Work required ▸ Set the records down again, exactly, without their images.

Data for the task ▸
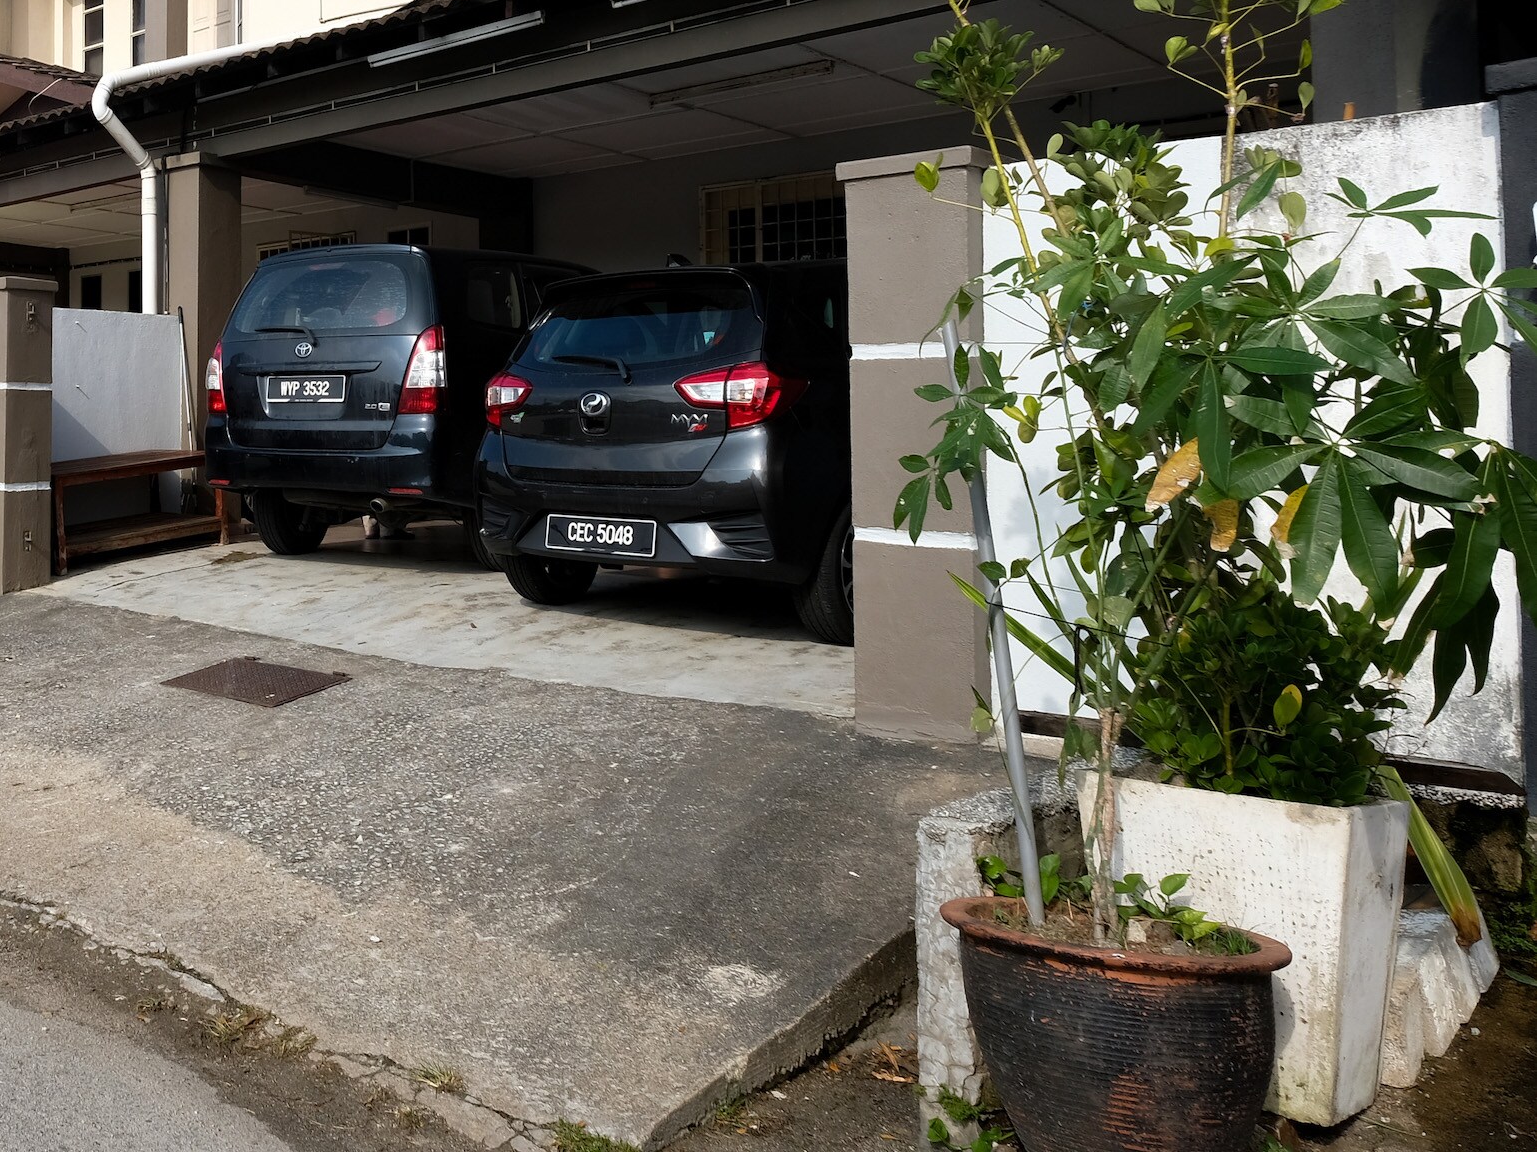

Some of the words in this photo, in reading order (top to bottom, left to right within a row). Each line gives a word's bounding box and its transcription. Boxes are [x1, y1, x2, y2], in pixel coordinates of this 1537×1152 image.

[280, 381, 300, 396] WYP
[303, 381, 330, 396] 3532
[567, 522, 594, 542] CEC
[596, 523, 634, 545] 5048

Exercise answer ▸
Some of the words in this photo, in reading order (top to bottom, left to right within a row). Each line gives a word's bounding box and its transcription. Boxes are [x1, y1, x2, y2], in pixel coordinates of this 1537×1152 image.

[280, 381, 300, 396] WYP
[303, 381, 330, 396] 3532
[567, 522, 594, 542] CEC
[596, 523, 634, 545] 5048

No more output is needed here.